Type out the entries below again, character for character.

**MATERIAL SUPPLIED:**
:::::

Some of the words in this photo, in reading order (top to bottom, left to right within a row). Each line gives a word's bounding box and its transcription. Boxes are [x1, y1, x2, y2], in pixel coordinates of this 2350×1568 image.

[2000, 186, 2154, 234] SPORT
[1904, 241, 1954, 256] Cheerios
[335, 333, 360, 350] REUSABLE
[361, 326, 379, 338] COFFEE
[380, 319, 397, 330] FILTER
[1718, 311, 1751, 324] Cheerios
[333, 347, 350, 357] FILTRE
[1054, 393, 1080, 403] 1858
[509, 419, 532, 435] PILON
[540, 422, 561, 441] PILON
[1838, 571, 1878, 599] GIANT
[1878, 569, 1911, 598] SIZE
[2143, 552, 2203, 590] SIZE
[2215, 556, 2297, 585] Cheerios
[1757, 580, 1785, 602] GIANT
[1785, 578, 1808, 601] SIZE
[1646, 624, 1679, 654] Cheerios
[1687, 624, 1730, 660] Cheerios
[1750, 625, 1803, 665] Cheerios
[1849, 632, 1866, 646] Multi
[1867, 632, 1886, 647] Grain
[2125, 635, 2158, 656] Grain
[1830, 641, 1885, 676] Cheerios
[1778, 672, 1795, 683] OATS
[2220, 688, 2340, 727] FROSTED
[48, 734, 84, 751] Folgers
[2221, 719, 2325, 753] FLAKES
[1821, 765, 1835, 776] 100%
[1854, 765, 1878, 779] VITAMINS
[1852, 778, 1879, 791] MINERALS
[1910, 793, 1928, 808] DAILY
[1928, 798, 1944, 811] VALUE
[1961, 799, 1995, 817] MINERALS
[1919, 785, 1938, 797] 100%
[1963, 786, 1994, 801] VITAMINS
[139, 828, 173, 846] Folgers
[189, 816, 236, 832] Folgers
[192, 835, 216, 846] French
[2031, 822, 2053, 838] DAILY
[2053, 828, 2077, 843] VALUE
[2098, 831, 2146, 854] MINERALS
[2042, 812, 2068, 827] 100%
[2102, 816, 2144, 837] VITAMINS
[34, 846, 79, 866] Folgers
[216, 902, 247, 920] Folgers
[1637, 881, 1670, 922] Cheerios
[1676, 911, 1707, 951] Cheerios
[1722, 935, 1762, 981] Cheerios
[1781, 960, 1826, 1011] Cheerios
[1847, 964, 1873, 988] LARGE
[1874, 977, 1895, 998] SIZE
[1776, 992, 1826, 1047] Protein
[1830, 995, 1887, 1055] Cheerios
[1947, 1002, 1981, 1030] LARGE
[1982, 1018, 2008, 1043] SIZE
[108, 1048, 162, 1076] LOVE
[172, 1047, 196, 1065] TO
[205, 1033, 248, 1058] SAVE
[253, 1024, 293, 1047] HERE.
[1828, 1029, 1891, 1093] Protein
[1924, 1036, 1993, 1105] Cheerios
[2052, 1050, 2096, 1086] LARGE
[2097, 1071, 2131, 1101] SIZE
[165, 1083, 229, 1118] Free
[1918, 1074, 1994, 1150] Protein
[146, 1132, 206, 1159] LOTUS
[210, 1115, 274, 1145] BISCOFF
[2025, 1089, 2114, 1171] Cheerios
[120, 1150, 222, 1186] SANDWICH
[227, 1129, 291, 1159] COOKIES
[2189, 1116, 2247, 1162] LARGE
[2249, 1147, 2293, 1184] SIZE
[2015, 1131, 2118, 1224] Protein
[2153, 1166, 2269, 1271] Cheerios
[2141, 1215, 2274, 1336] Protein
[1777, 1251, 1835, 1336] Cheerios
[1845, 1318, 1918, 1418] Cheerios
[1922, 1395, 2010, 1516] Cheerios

:::::

**SOLUTION:**
Some of the words in this photo, in reading order (top to bottom, left to right within a row). Each line gives a word's bounding box and its transcription. Boxes are [x1, y1, x2, y2], in pixel coordinates of this 2350×1568 image.

[2000, 186, 2154, 234] SPORT
[1904, 241, 1954, 256] Cheerios
[335, 333, 360, 350] REUSABLE
[361, 326, 379, 338] COFFEE
[380, 319, 397, 330] FILTER
[1718, 311, 1751, 324] Cheerios
[333, 347, 350, 357] FILTRE
[1054, 393, 1080, 403] 1858
[509, 419, 532, 435] PILON
[540, 422, 561, 441] PILON
[1838, 571, 1878, 599] GIANT
[1878, 569, 1911, 598] SIZE
[2143, 552, 2203, 590] SIZE
[2215, 556, 2297, 585] Cheerios
[1757, 580, 1785, 602] GIANT
[1785, 578, 1808, 601] SIZE
[1646, 624, 1679, 654] Cheerios
[1687, 624, 1730, 660] Cheerios
[1750, 625, 1803, 665] Cheerios
[1849, 632, 1866, 646] Multi
[1867, 632, 1886, 647] Grain
[2125, 635, 2158, 656] Grain
[1830, 641, 1885, 676] Cheerios
[1778, 672, 1795, 683] OATS
[2220, 688, 2340, 727] FROSTED
[48, 734, 84, 751] Folgers
[2221, 719, 2325, 753] FLAKES
[1821, 765, 1835, 776] 100%
[1854, 765, 1878, 779] VITAMINS
[1852, 778, 1879, 791] MINERALS
[1910, 793, 1928, 808] DAILY
[1928, 798, 1944, 811] VALUE
[1961, 799, 1995, 817] MINERALS
[1919, 785, 1938, 797] 100%
[1963, 786, 1994, 801] VITAMINS
[139, 828, 173, 846] Folgers
[189, 816, 236, 832] Folgers
[192, 835, 216, 846] French
[2031, 822, 2053, 838] DAILY
[2053, 828, 2077, 843] VALUE
[2098, 831, 2146, 854] MINERALS
[2042, 812, 2068, 827] 100%
[2102, 816, 2144, 837] VITAMINS
[34, 846, 79, 866] Folgers
[216, 902, 247, 920] Folgers
[1637, 881, 1670, 922] Cheerios
[1676, 911, 1707, 951] Cheerios
[1722, 935, 1762, 981] Cheerios
[1781, 960, 1826, 1011] Cheerios
[1847, 964, 1873, 988] LARGE
[1874, 977, 1895, 998] SIZE
[1776, 992, 1826, 1047] Protein
[1830, 995, 1887, 1055] Cheerios
[1947, 1002, 1981, 1030] LARGE
[1982, 1018, 2008, 1043] SIZE
[108, 1048, 162, 1076] LOVE
[172, 1047, 196, 1065] TO
[205, 1033, 248, 1058] SAVE
[253, 1024, 293, 1047] HERE.
[1828, 1029, 1891, 1093] Protein
[1924, 1036, 1993, 1105] Cheerios
[2052, 1050, 2096, 1086] LARGE
[2097, 1071, 2131, 1101] SIZE
[165, 1083, 229, 1118] Free
[1918, 1074, 1994, 1150] Protein
[146, 1132, 206, 1159] LOTUS
[210, 1115, 274, 1145] BISCOFF
[2025, 1089, 2114, 1171] Cheerios
[120, 1150, 222, 1186] SANDWICH
[227, 1129, 291, 1159] COOKIES
[2189, 1116, 2247, 1162] LARGE
[2249, 1147, 2293, 1184] SIZE
[2015, 1131, 2118, 1224] Protein
[2153, 1166, 2269, 1271] Cheerios
[2141, 1215, 2274, 1336] Protein
[1777, 1251, 1835, 1336] Cheerios
[1845, 1318, 1918, 1418] Cheerios
[1922, 1395, 2010, 1516] Cheerios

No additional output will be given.